EXERCISE REQUIREMENTS: A faithful, word-for-word transcription of all the data is what is needed.

Start of EXTRACTED RECORDS

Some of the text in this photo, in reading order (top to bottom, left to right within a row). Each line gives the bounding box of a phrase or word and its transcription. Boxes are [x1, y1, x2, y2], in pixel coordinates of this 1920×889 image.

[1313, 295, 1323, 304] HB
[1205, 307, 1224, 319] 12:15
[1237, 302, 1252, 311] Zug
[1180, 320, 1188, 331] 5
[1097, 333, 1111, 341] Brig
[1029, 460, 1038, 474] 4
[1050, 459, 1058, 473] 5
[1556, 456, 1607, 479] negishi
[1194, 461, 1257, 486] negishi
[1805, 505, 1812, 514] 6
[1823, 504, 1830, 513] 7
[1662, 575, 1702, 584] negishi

End of EXTRACTED RECORDS

TASK OUTPUT:
Some of the text in this photo, in reading order (top to bottom, left to right within a row). Each line gives the bounding box of a phrase or word and its transcription. Boxes are [x1, y1, x2, y2], in pixel coordinates of this 1920×889 image.

[1313, 295, 1323, 304] HB
[1205, 307, 1224, 319] 12:15
[1237, 302, 1252, 311] Zug
[1180, 320, 1188, 331] 5
[1097, 333, 1111, 341] Brig
[1029, 460, 1038, 474] 4
[1050, 459, 1058, 473] 5
[1556, 456, 1607, 479] negishi
[1194, 461, 1257, 486] negishi
[1805, 505, 1812, 514] 6
[1823, 504, 1830, 513] 7
[1662, 575, 1702, 584] negishi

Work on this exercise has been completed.